* _Exercise details_
Please repeat each line below exactly, with no images in the copy.

* _Information given_

--------------------

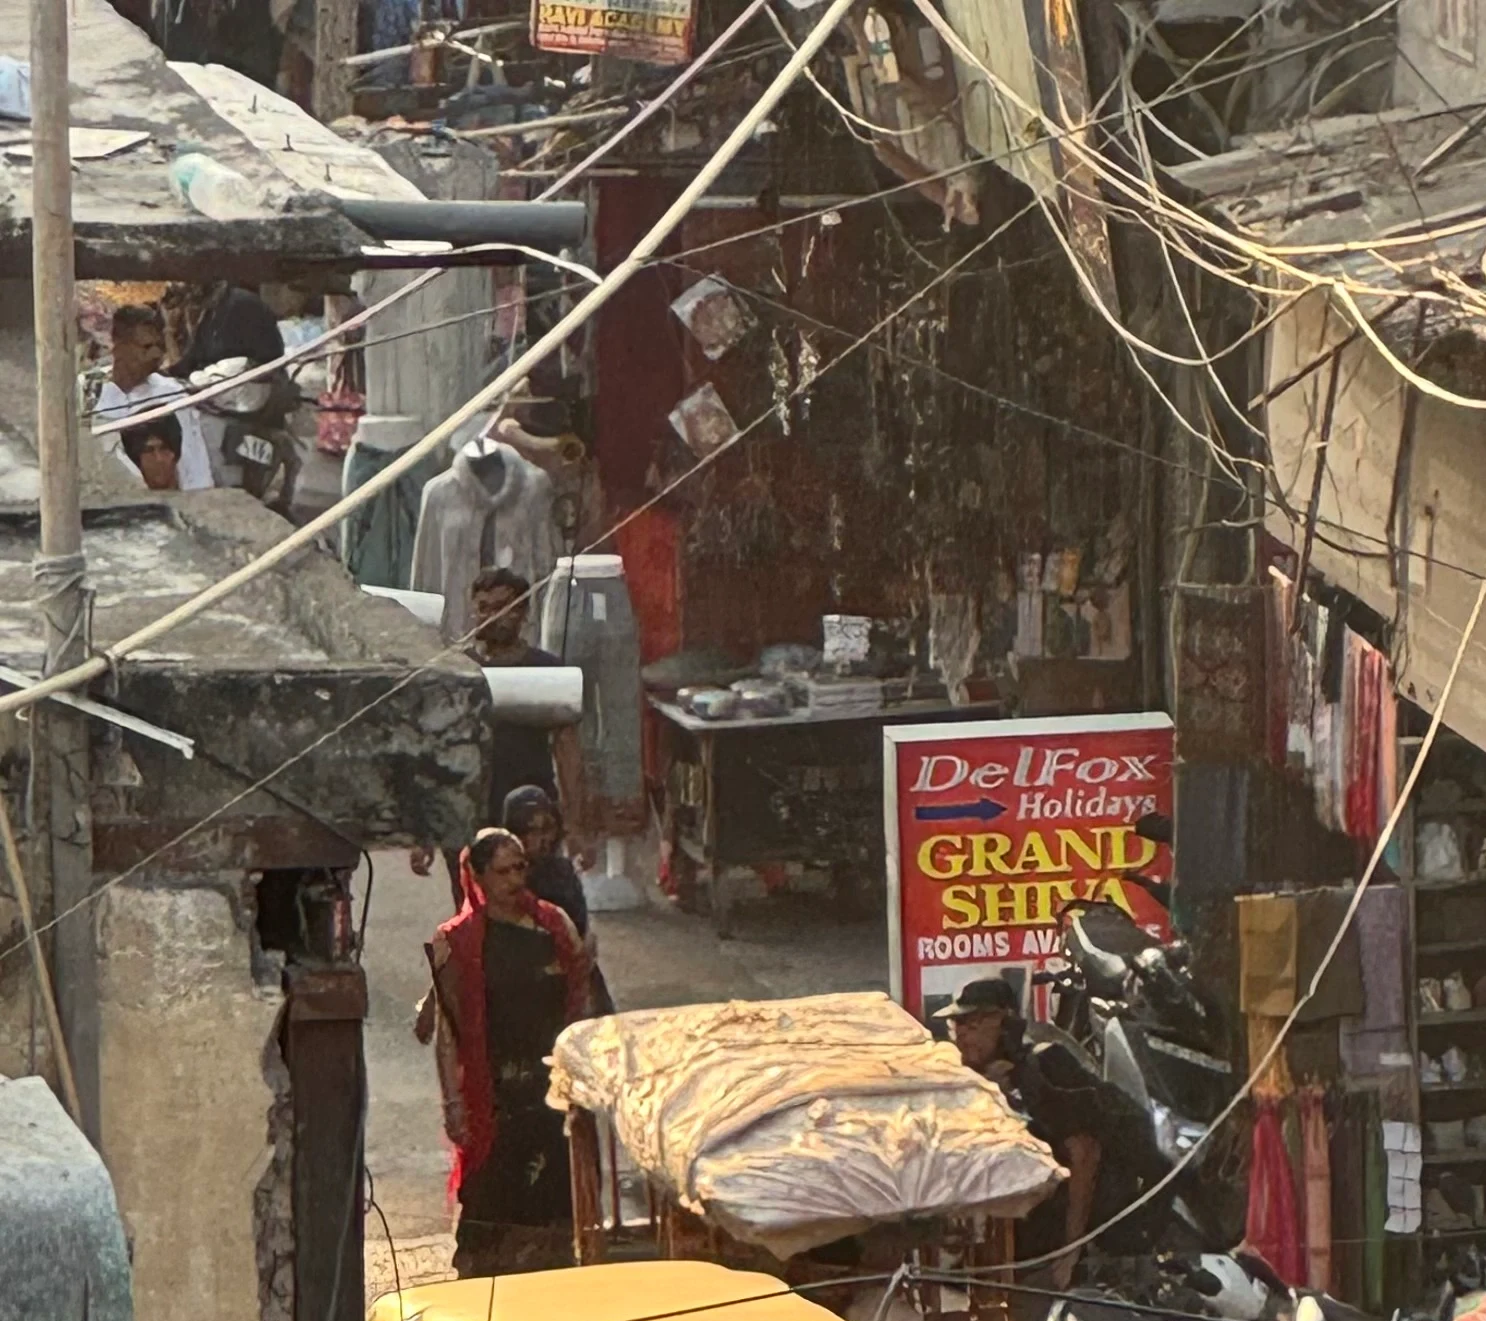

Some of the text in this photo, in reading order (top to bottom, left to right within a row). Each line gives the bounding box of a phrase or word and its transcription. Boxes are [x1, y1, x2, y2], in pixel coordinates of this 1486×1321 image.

[910, 746, 1157, 793] DelFox
[1016, 787, 1157, 823] Holidays
[917, 825, 1157, 880] GRAND
[917, 931, 1010, 961] ROOMS
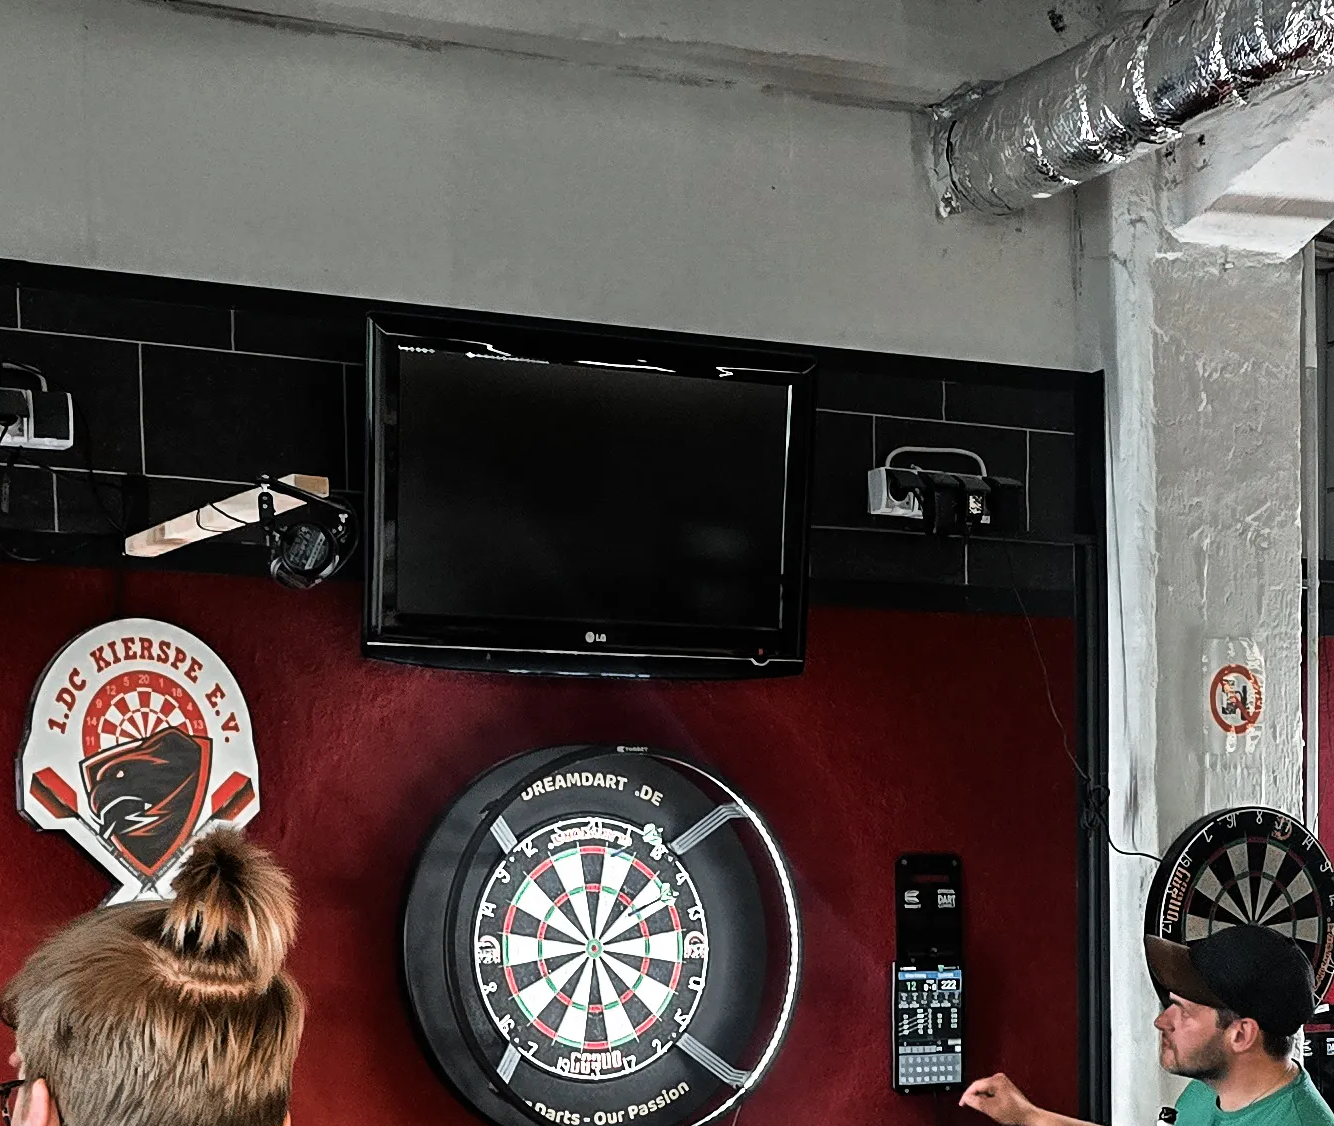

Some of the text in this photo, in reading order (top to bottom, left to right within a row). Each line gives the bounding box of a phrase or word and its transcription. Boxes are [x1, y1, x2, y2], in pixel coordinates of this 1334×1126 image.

[123, 677, 130, 687] 5
[138, 674, 150, 685] 20
[47, 637, 240, 744] 1.DC KIERSPE E.V.
[106, 685, 117, 695] 12
[86, 717, 97, 727] 14
[937, 894, 956, 905] DART
[906, 981, 917, 991] 12
[593, 1109, 624, 1126] Our
[628, 1081, 690, 1121] Passion
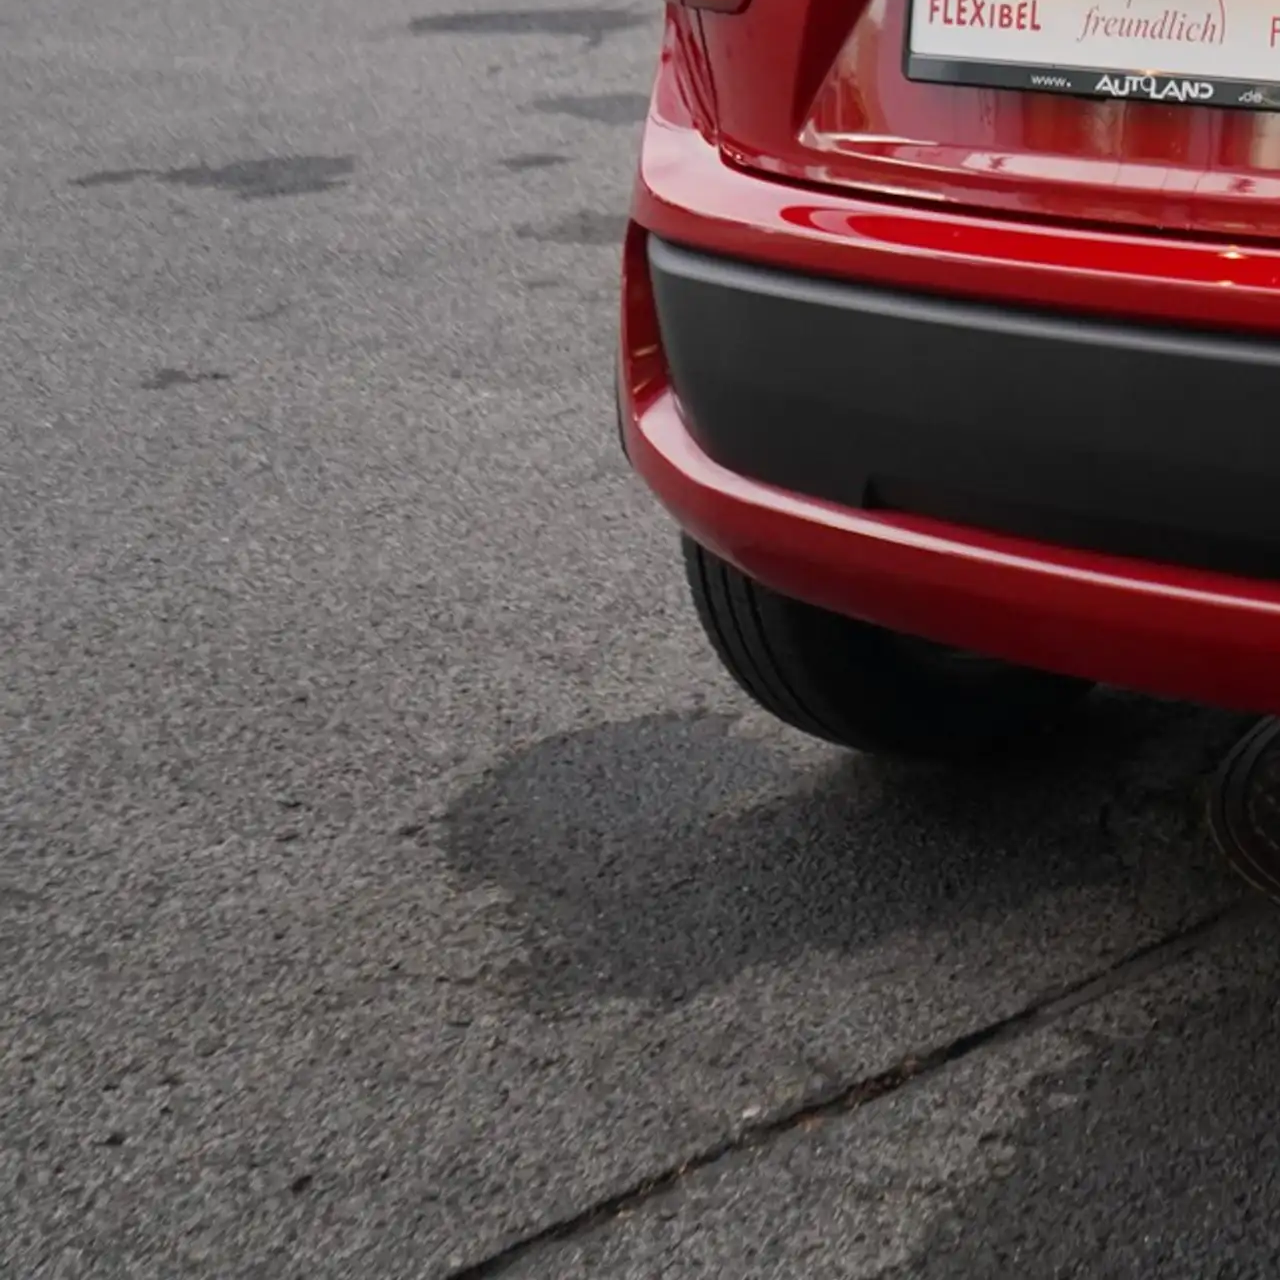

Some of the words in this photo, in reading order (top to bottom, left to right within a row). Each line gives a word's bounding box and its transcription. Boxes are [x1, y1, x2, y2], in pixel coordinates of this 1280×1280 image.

[1076, 4, 1218, 44] freundlich
[1031, 74, 1071, 88] www.
[1095, 73, 1214, 102] AUTOLAND
[1238, 89, 1263, 104] .de

--------------------

* _Answer section_
Some of the text in this photo, in reading order (top to bottom, left to right within a row). Each line gives the bounding box of a phrase or word and its transcription. Boxes are [x1, y1, x2, y2], in pixel coordinates of this 1486×1321 image.

[910, 746, 1157, 793] DelFox
[1016, 787, 1157, 823] Holidays
[917, 825, 1157, 880] GRAND
[917, 931, 1010, 961] ROOMS

Some of the text in this photo, in reading order (top to bottom, left to right within a row). Each line gives the bounding box of a phrase or word and its transcription. Boxes are [x1, y1, x2, y2], in pixel coordinates of this 1334×1126 image.

[123, 677, 130, 687] 5
[138, 674, 150, 685] 20
[47, 637, 240, 744] 1.DC KIERSPE E.V.
[106, 685, 117, 695] 12
[86, 717, 97, 727] 14
[937, 894, 956, 905] DART
[906, 981, 917, 991] 12
[593, 1109, 624, 1126] Our
[628, 1081, 690, 1121] Passion

Some of the words in this photo, in reading order (top to bottom, left to right within a row). Each line gives a word's bounding box and its transcription. Boxes are [x1, y1, x2, y2], in pixel coordinates of this 1280×1280 image.

[1076, 4, 1218, 44] freundlich
[1031, 74, 1071, 88] www.
[1095, 73, 1214, 102] AUTOLAND
[1238, 89, 1263, 104] .de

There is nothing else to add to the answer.